Postcards from Sovietville
Georgia’s headline-grabbing South Ossetia isn’t the only Russia-supported breakaway republic giving Europe and the rest of the world a hard time these days. Located in Moldova on the Ukraine border, the separatist region of Transdniestria boasts its own government, its own currency and about 540,000 residents - but it really doesn’t want independence as much as it wants membership in the long-dead Soviet Union.
Guarded by hammer and sickle flags, a modern-day KGB, prominent statues of beloved Vladimir Lenin and, oh yeah, Russian troops with automatic weapons at the “border” between it and Moldova, Transdniestria is like a return to the days before VCRs and the common knowledge that corruptly-run communist dictatorships tend to end badly.
When I was in the impoverished capital of Tiraspol this summer, my nervous guide told me not to take pictures of the police, the military, the big cuddly statue of Lenin in front of the parliament building (from across the street was OK) or the pedestrian bridge that links banks of the Dniester River.
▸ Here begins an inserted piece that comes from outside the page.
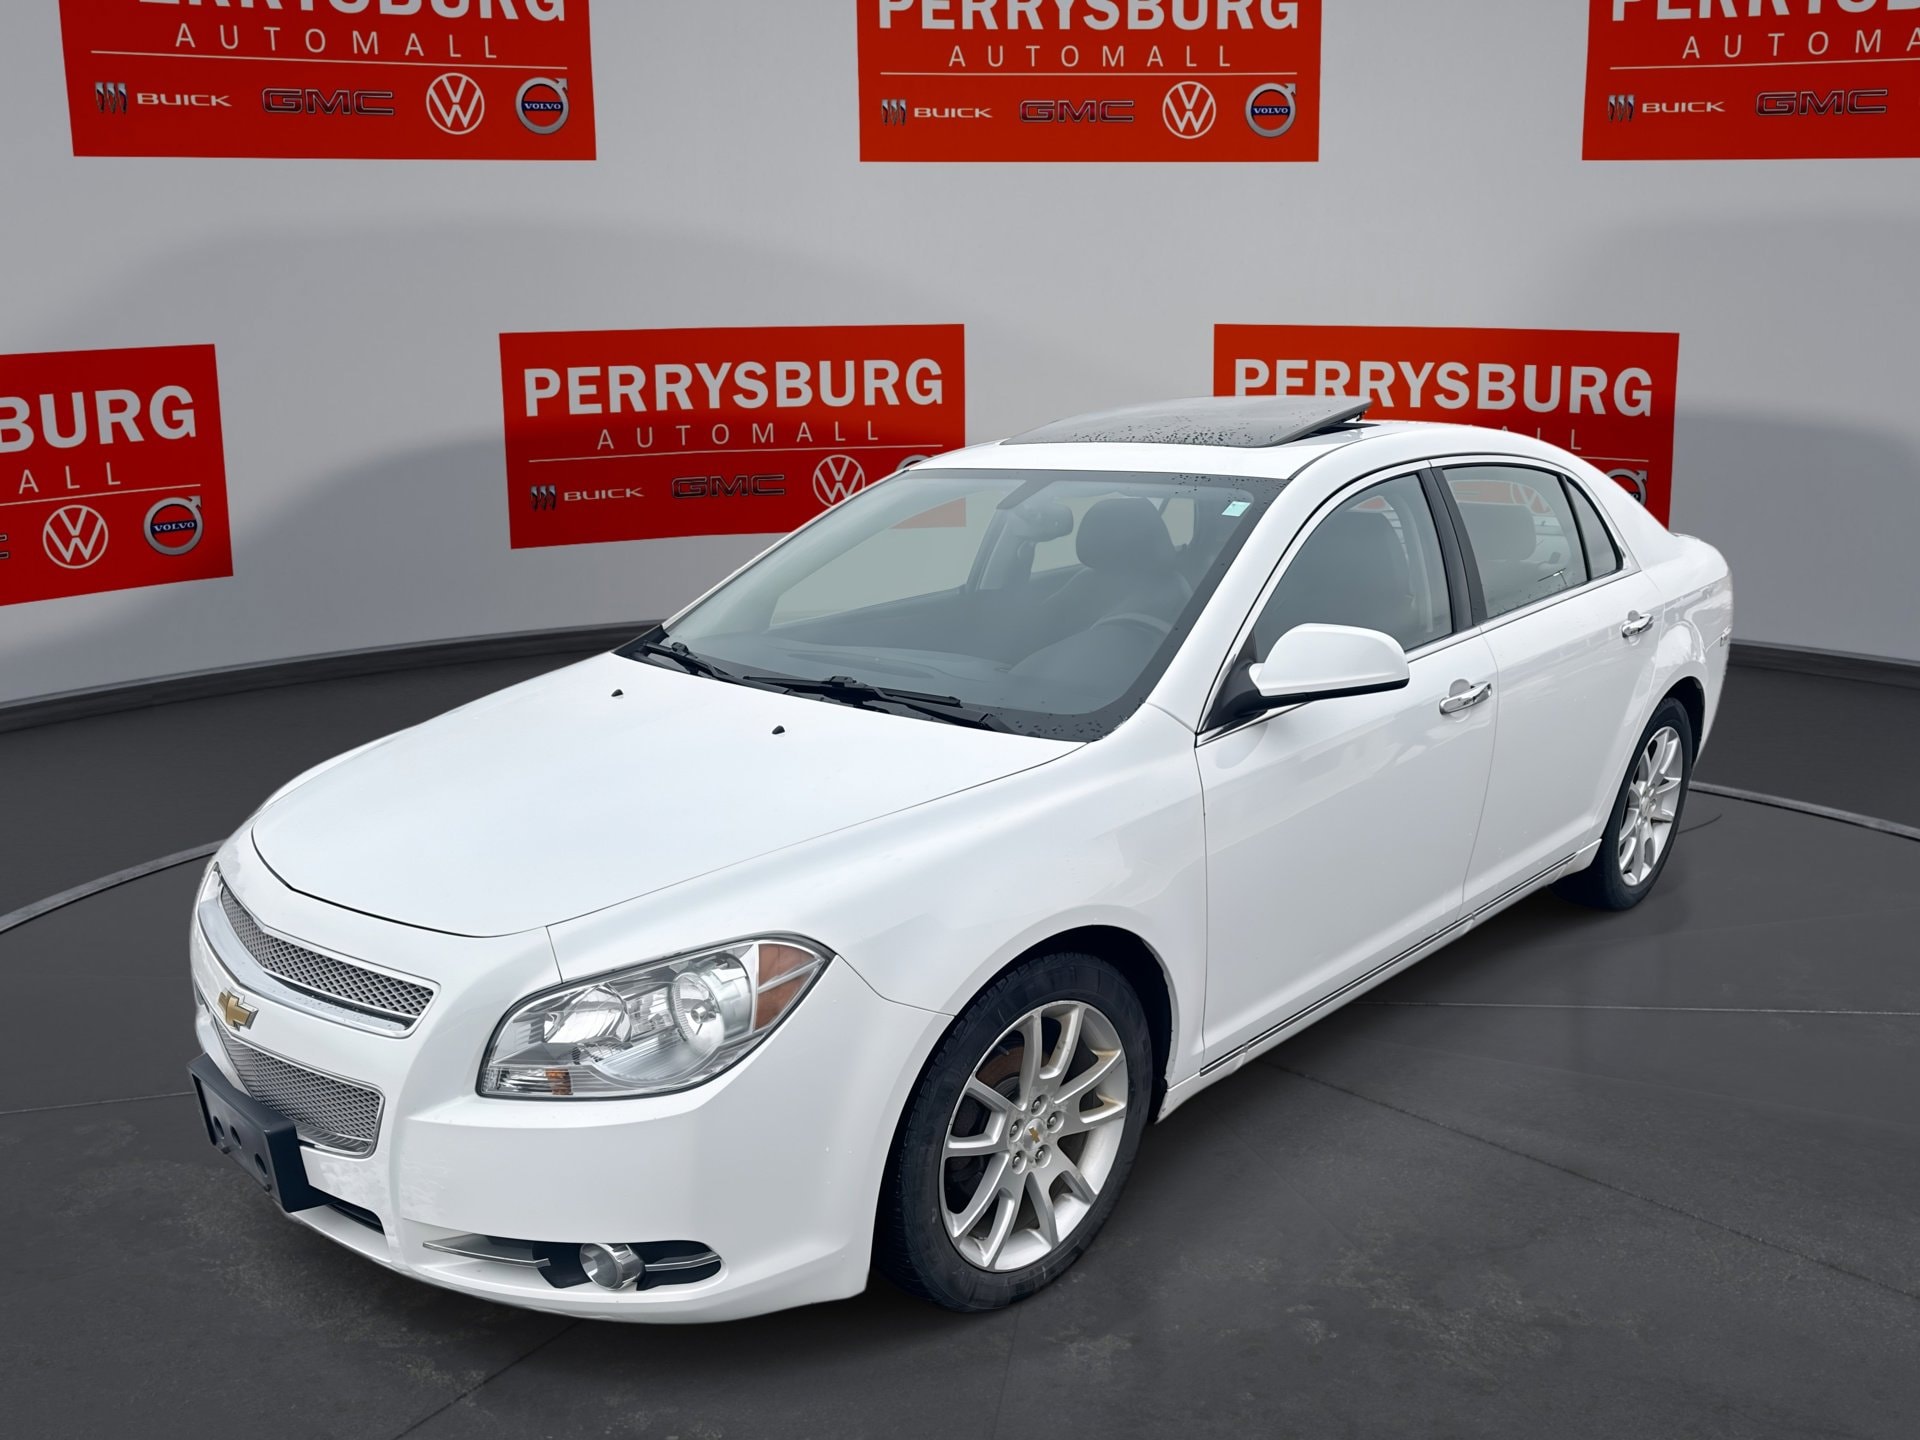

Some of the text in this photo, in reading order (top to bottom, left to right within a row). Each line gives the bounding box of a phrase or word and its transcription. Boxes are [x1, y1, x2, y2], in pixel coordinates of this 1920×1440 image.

To make up for it she directed me to a museum to buy postcards but they were out, so we tried inside an “art exhibit” (featuring bizarre works by local high school students) and, after the cashier banged around in the dusty back room, entered my purchases by hand into an ancient logbook and delivered a speech in Russian about other pamphlets that had obviously been on display since the 1950s, she handed over my very own pack of 24 postcards.
Panning through the collection outside, I was horrified to examine shot after blurry, drab shot - it would be an especially cruel-hearted joke anywhere else in the world. How charming that this communist breakaway region is unaware of the irony of offering uninspiring, bland postcards of a communist breakaway region. At least they managed to convey the place’s bleakness.